Two Hailsham primary schools could lose their lollipop lady under proposals to axe the position at 13 schools in the county.

White House Primary School and Marshlands Primary School in Marshfoot Lane share a crossing and lollipop lady, and are among the list of school sites drawn up by East Sussex County Council which could have funding for a school crossing patrol officer withdrawn next year.

The county council stressed that the idea to withdraw funding for the position is undergoing consultation and no decision has been made or will be made until the consultation has been completed.

In a report to cabinet on October 15 the council said the 13 school crossing patrols do not meet essential criteria for funding which is based on the number of cars and the amount of pupils crossing the road.

It is looking to stop the service from April 1 next year which could save around £150,000.

A spokeswoman for the county council said: “East Sussex County Council, like all local authorities, continues to face financial pressures and needs to make savings of £60million over the next three years.
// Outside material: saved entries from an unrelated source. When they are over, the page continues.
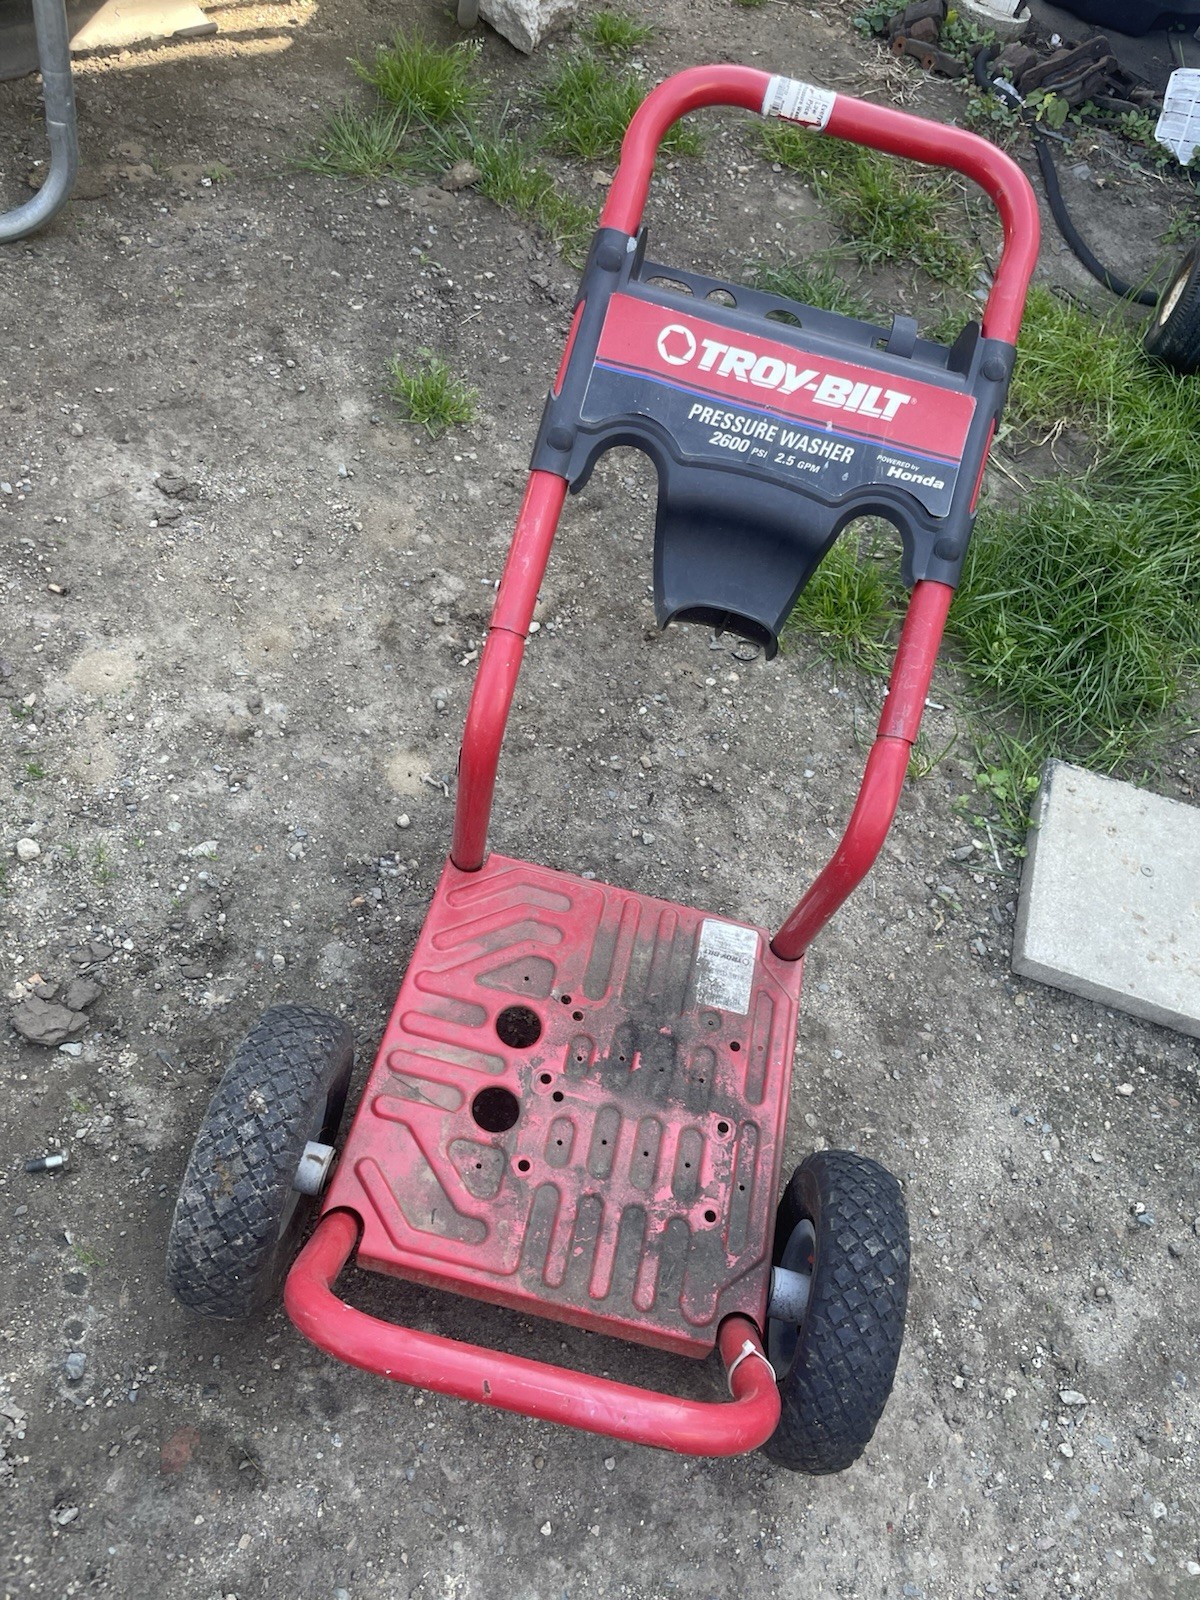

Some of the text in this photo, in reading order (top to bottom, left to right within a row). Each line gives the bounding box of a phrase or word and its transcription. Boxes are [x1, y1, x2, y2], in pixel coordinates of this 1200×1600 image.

[698, 338, 911, 422] TROY-BILT
[688, 403, 855, 464] PRESSURE WASHER
[709, 431, 821, 474] 2600 PSI 2.5 GPM
[877, 454, 920, 471] POWERED by
[887, 465, 945, 490] Honda
This will have a significant impact on the level and type of services we are able to deliver in the future.

“We don’t want to take away school crossing patrols from schools where staff and parents want them, and we are more than happy to train people and support and manage patrols carried out by volunteers or sponsored by local companies and organisations, but it is not feasible for the council to continue to fund the patrols that do not meet the criteria.
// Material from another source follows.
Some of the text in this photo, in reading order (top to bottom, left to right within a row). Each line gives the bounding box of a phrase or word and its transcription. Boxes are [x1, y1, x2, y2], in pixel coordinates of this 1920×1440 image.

“Anybody, from the parish council, schools and parents’ groups to local groups and businesses, can sponsor a crossing patrol and we will be happy to discuss this option with interested groups, both for crossings that meet the criteria and those that don’t.

“There will be a consultation with schools and members of the public and their views will be taken into account before a final decision is made.”
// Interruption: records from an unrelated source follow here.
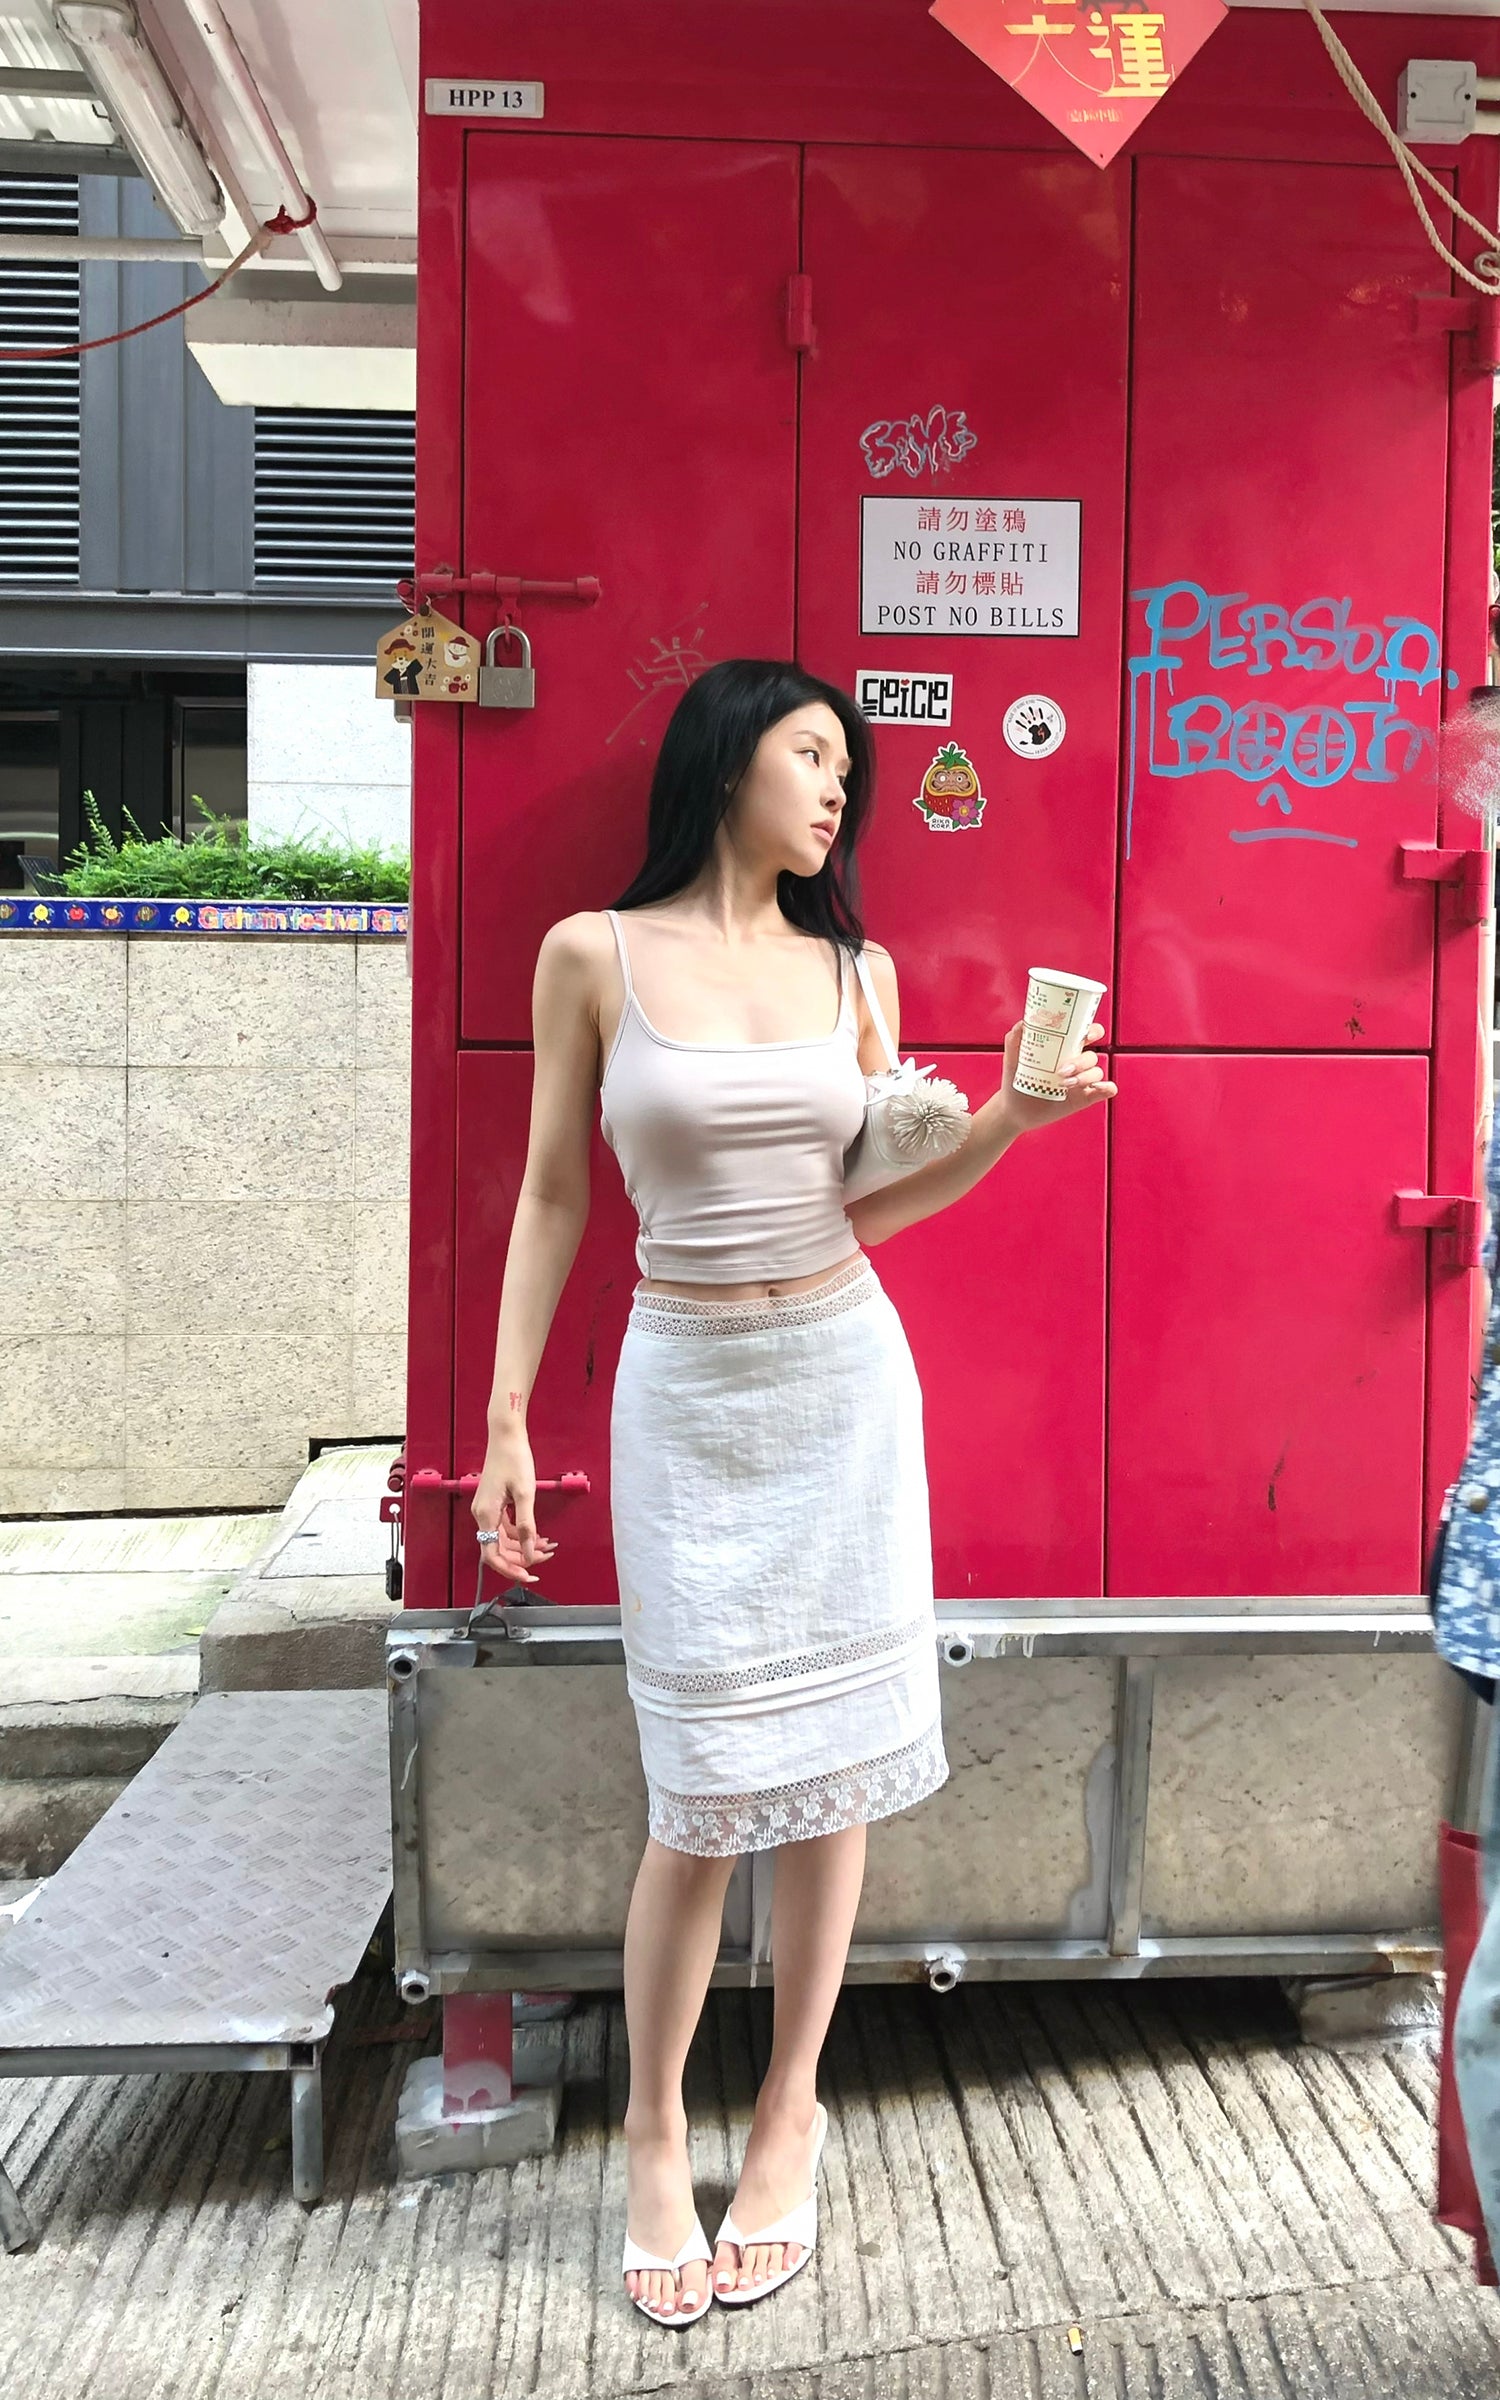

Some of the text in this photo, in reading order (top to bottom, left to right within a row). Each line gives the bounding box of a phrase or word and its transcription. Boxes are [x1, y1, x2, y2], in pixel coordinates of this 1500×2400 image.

[449, 88, 523, 109] HPP 13
[917, 506, 1026, 533] 請勿塗鴉
[893, 541, 1048, 563] NO GRAFFITI
[916, 570, 1024, 596] 請勿標貼
[878, 605, 1064, 628] POST NO BILLS
The council said the current cost of the school crossing patrol service is £140,000. The figure covers salary costs, uniforms and the salary costs of two school crossing patrol supervisors.

The council said the Road Safety Team, which costs £14,000, would remain to ensure existing crossing sites and volunteer and sponsored crossings operate correctly.

The report said there were several options to be considered.

The first was to continue the service at the 13 schools which would save no funds, cease the service which would save £140,000, migrate the service to individual schools saving £100,000, secure external funding or sponsorship saving £100,000 or reducing the service saving £50,000.